• **TASK ITEM**: An exact, complete copy of the entries is needed, with the pictures left out.

• **THE RECORDS**:
****

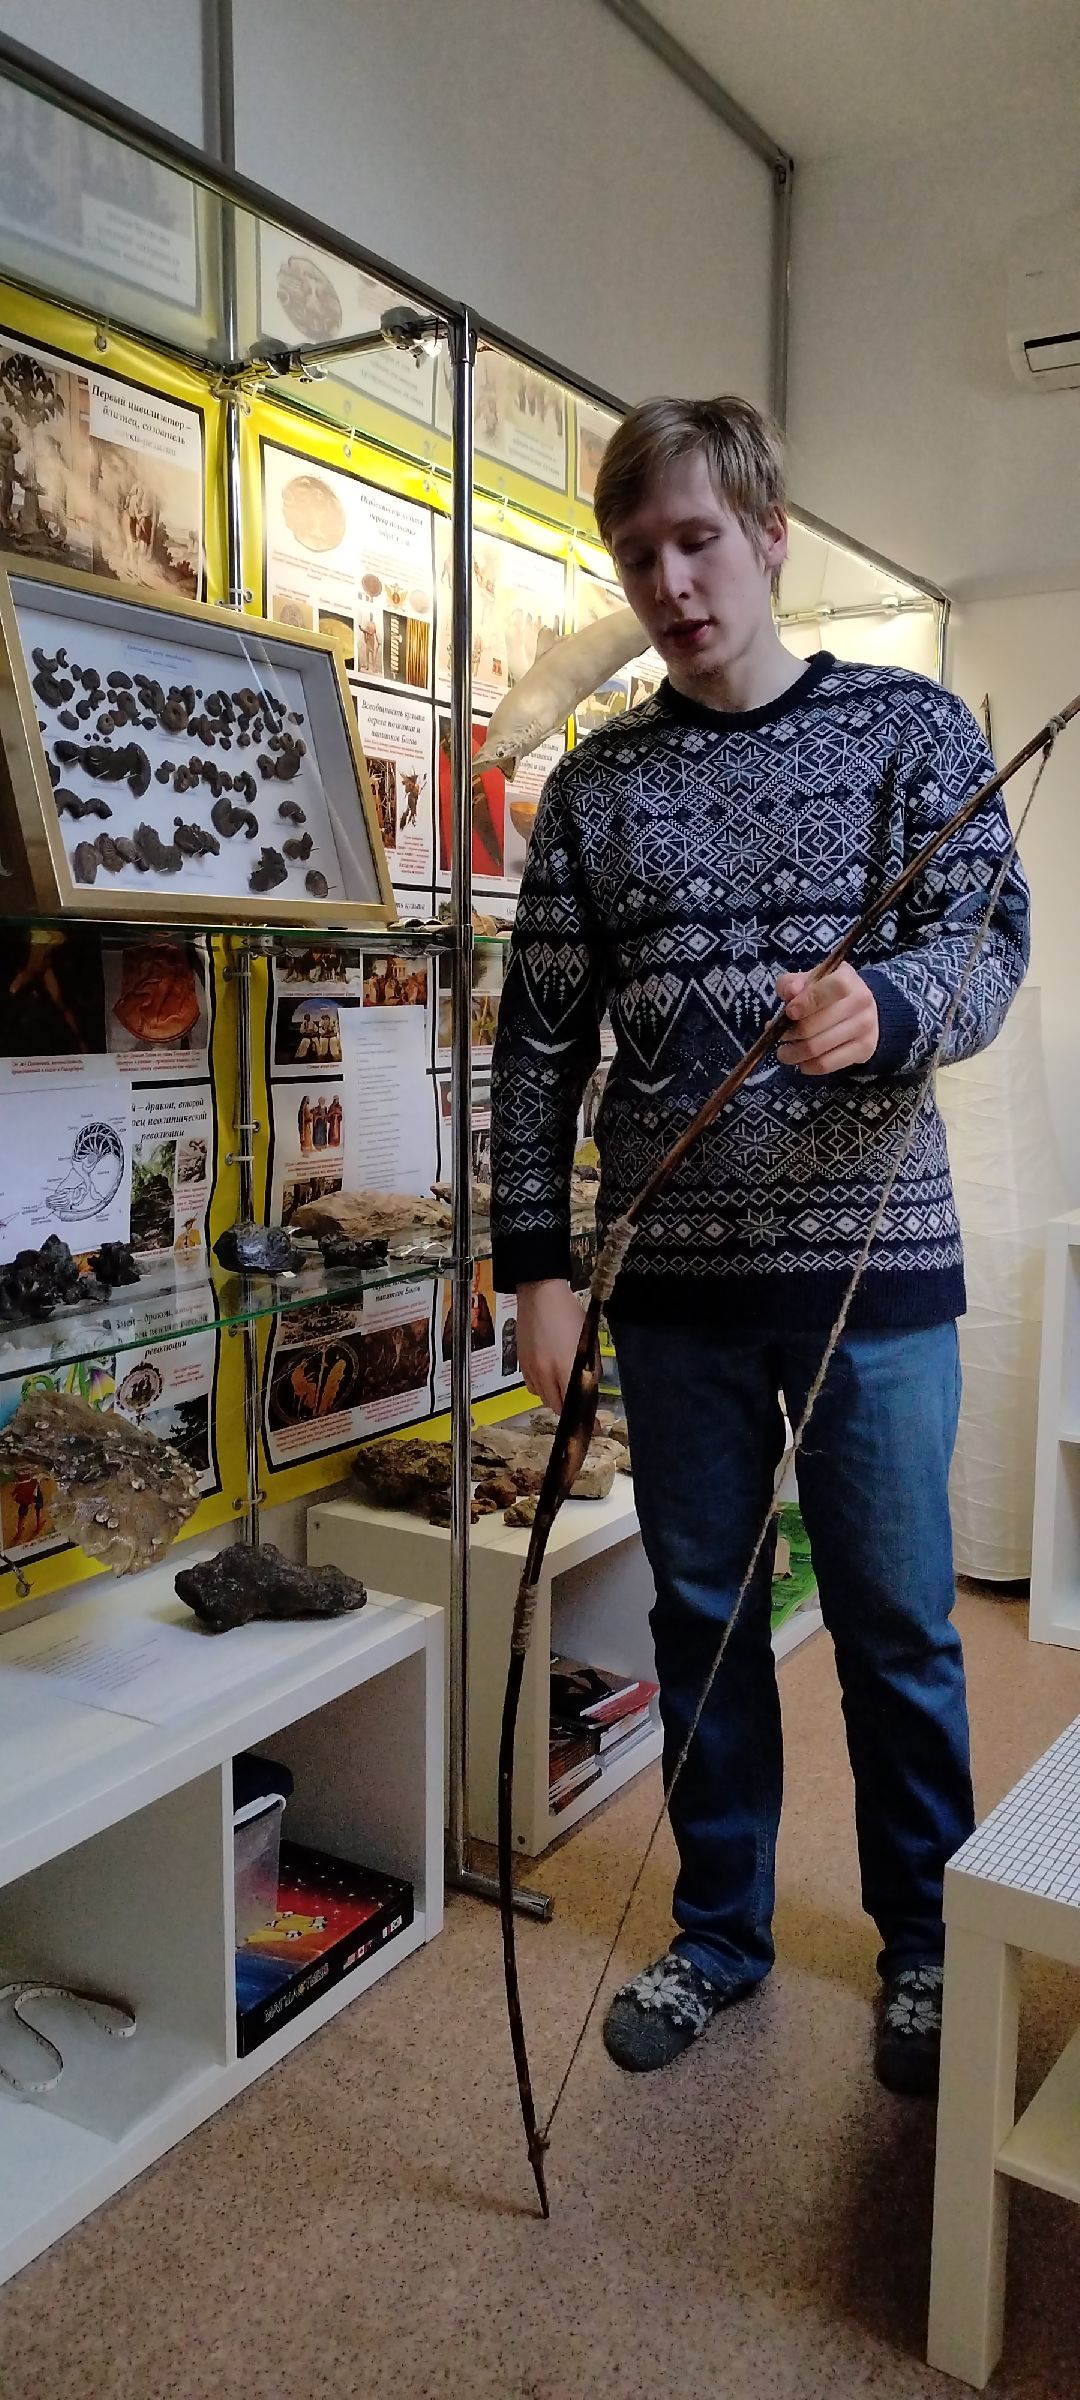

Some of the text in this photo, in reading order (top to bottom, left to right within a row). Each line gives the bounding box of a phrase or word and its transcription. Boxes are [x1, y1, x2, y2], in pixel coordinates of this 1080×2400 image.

[92, 384, 126, 406] Первый
[145, 1101, 176, 1114] дракон,
[147, 1110, 208, 1126] неолитической
[140, 1130, 185, 1143] революции
[144, 1309, 174, 1324] дракон,
[144, 1340, 187, 1359] революции
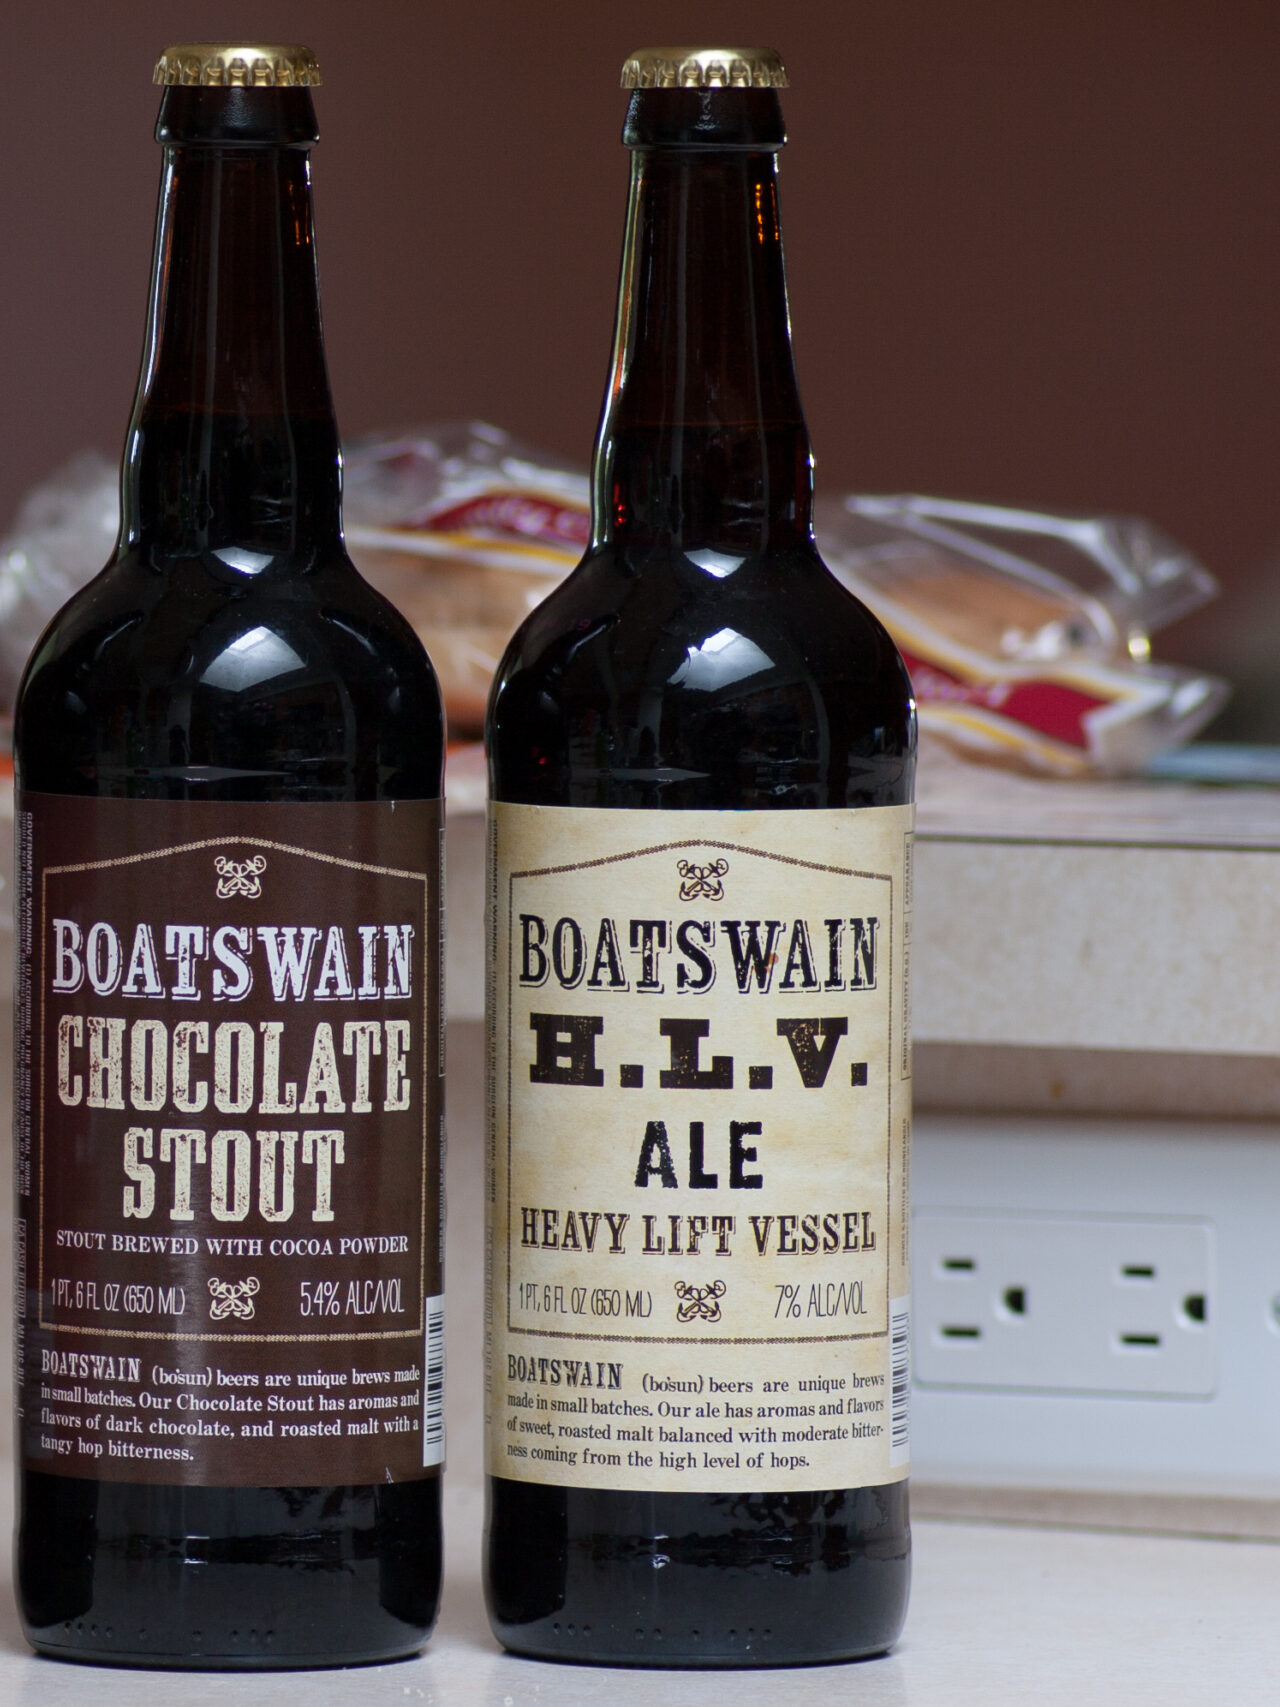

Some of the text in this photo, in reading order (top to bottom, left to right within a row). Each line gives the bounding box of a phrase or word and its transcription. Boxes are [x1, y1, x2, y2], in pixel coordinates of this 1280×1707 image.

[53, 919, 415, 1002] BOATSWAIN
[518, 913, 880, 995] BOATSWAIN
[58, 1015, 410, 1114] CHOCOLATE
[529, 1011, 868, 1090] H.L.V.
[634, 1120, 763, 1189] ALE
[123, 1127, 345, 1222] STOUT
[57, 1230, 408, 1256] STOUT BREWED WITH COCOA POWDER
[520, 1206, 876, 1256] HEAVY LIFT VESSEL
[300, 1281, 340, 1316] 5.4%
[544, 1285, 551, 1312] 6
[554, 1285, 568, 1314] FL
[571, 1287, 587, 1315] OZ
[591, 1288, 621, 1317] (650
[626, 1290, 652, 1318] ML)
[774, 1284, 801, 1318] 7%
[42, 1349, 142, 1382] BOATSWAIN
[216, 1369, 259, 1386] beers
[265, 1369, 291, 1386] are
[297, 1369, 347, 1389] unique
[352, 1368, 390, 1385] brews
[394, 1364, 420, 1382] made
[507, 1353, 623, 1389] BOATSWAIN
[709, 1377, 753, 1393] beers
[763, 1381, 789, 1392] are
[798, 1375, 846, 1394] unique
[853, 1372, 884, 1388] brews
[41, 1407, 419, 1438] flavors of dark chocolate, and roasted malt with a
[507, 1392, 884, 1418] made in small batches. Our ale has aromas and flavors
[41, 1434, 194, 1461] tangy hop bitterness.
[507, 1416, 884, 1443] of sweet, roasted malt balanced with moderate bitter-
[507, 1440, 810, 1471] ness coming from the high level of hops.
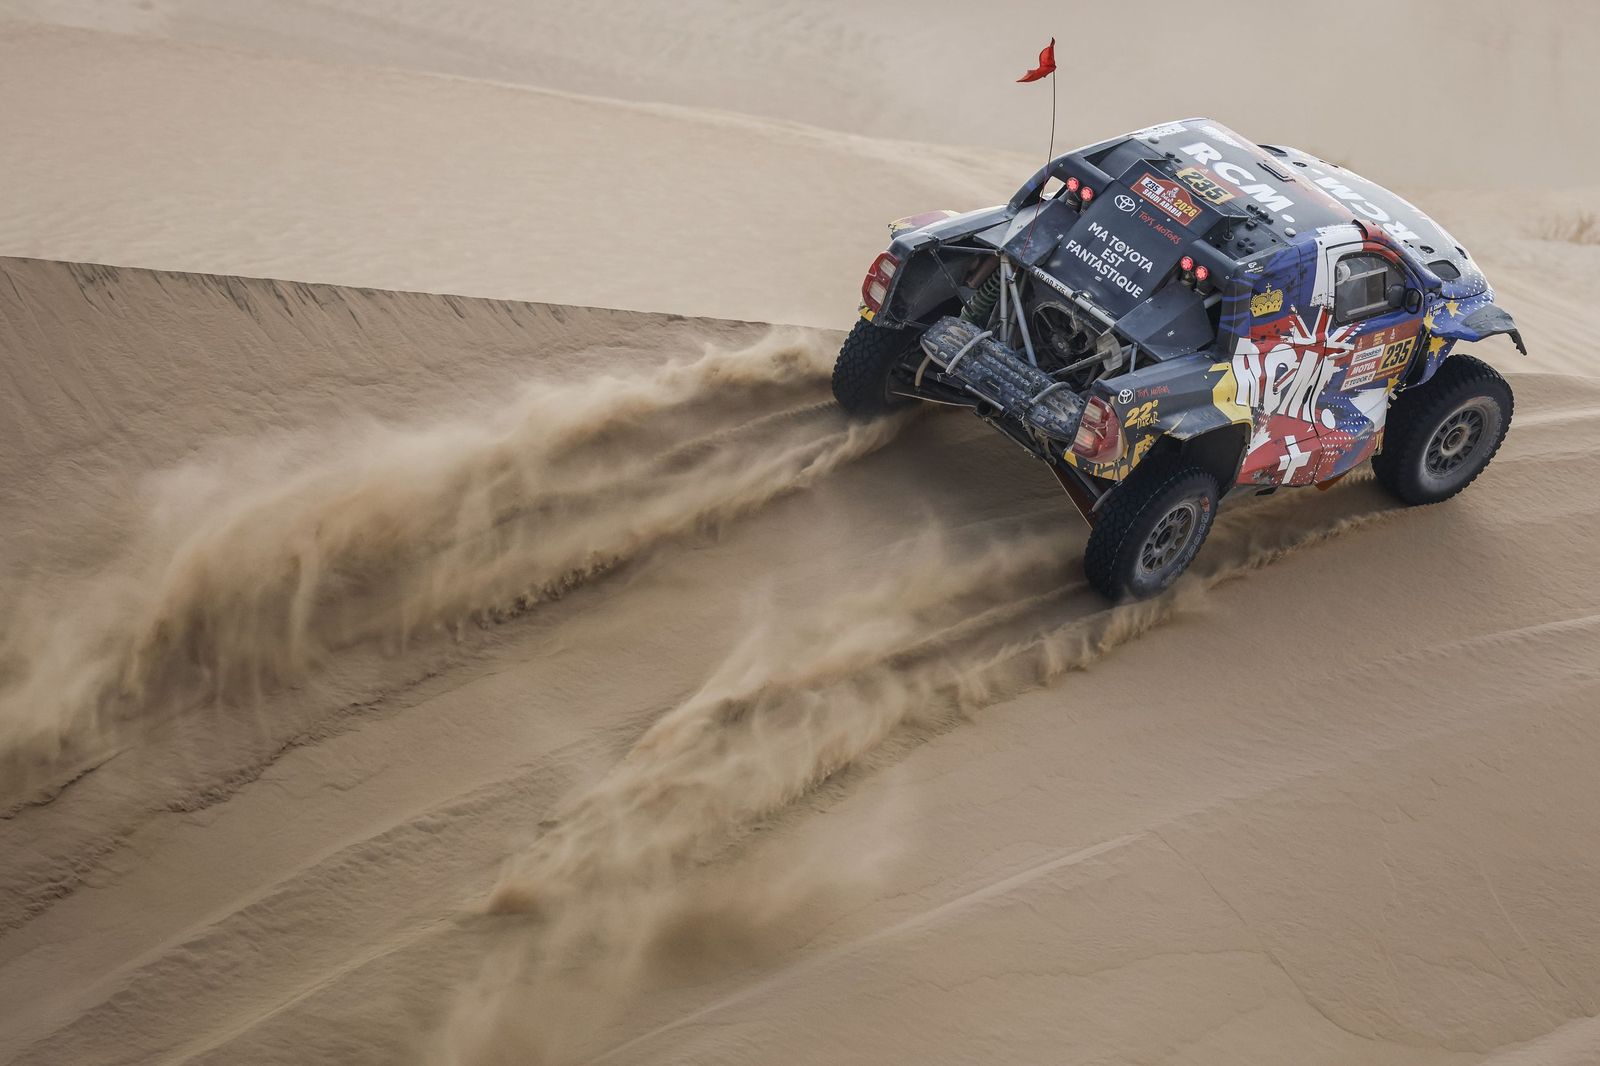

****

• **OUTPUT FOR THIS EXERCISE**:
Some of the text in this photo, in reading order (top to bottom, left to right within a row). Each line gives the bounding box of a phrase or word and its transcription. Boxes are [x1, y1, x2, y2], in pixel coordinates of this 1080×2400 image.

[92, 384, 126, 406] Первый
[145, 1101, 176, 1114] дракон,
[147, 1110, 208, 1126] неолитической
[140, 1130, 185, 1143] революции
[144, 1309, 174, 1324] дракон,
[144, 1340, 187, 1359] революции

Some of the text in this photo, in reading order (top to bottom, left to right within a row). Each line gives the bounding box of a phrase or word and its transcription. Boxes are [x1, y1, x2, y2], in pixel coordinates of this 1280×1707 image.

[53, 919, 415, 1002] BOATSWAIN
[518, 913, 880, 995] BOATSWAIN
[58, 1015, 410, 1114] CHOCOLATE
[529, 1011, 868, 1090] H.L.V.
[634, 1120, 763, 1189] ALE
[123, 1127, 345, 1222] STOUT
[57, 1230, 408, 1256] STOUT BREWED WITH COCOA POWDER
[520, 1206, 876, 1256] HEAVY LIFT VESSEL
[300, 1281, 340, 1316] 5.4%
[544, 1285, 551, 1312] 6
[554, 1285, 568, 1314] FL
[571, 1287, 587, 1315] OZ
[591, 1288, 621, 1317] (650
[626, 1290, 652, 1318] ML)
[774, 1284, 801, 1318] 7%
[42, 1349, 142, 1382] BOATSWAIN
[216, 1369, 259, 1386] beers
[265, 1369, 291, 1386] are
[297, 1369, 347, 1389] unique
[352, 1368, 390, 1385] brews
[394, 1364, 420, 1382] made
[507, 1353, 623, 1389] BOATSWAIN
[709, 1377, 753, 1393] beers
[763, 1381, 789, 1392] are
[798, 1375, 846, 1394] unique
[853, 1372, 884, 1388] brews
[41, 1407, 419, 1438] flavors of dark chocolate, and roasted malt with a
[507, 1392, 884, 1418] made in small batches. Our ale has aromas and flavors
[41, 1434, 194, 1461] tangy hop bitterness.
[507, 1416, 884, 1443] of sweet, roasted malt balanced with moderate bitter-
[507, 1440, 810, 1471] ness coming from the high level of hops.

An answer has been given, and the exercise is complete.